Collected data
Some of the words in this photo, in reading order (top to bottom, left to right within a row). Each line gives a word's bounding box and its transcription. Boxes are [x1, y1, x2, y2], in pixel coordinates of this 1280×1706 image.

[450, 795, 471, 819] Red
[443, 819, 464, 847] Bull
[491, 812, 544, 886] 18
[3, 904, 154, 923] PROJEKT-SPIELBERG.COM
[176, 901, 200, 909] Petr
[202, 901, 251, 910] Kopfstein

• _Brief_: Once you have read the records above, write them out again exactly.

• _Finished exercise_:
Some of the words in this photo, in reading order (top to bottom, left to right within a row). Each line gives a word's bounding box and its transcription. Boxes are [x1, y1, x2, y2], in pixel coordinates of this 1280×1706 image.

[450, 795, 471, 819] Red
[443, 819, 464, 847] Bull
[491, 812, 544, 886] 18
[3, 904, 154, 923] PROJEKT-SPIELBERG.COM
[176, 901, 200, 909] Petr
[202, 901, 251, 910] Kopfstein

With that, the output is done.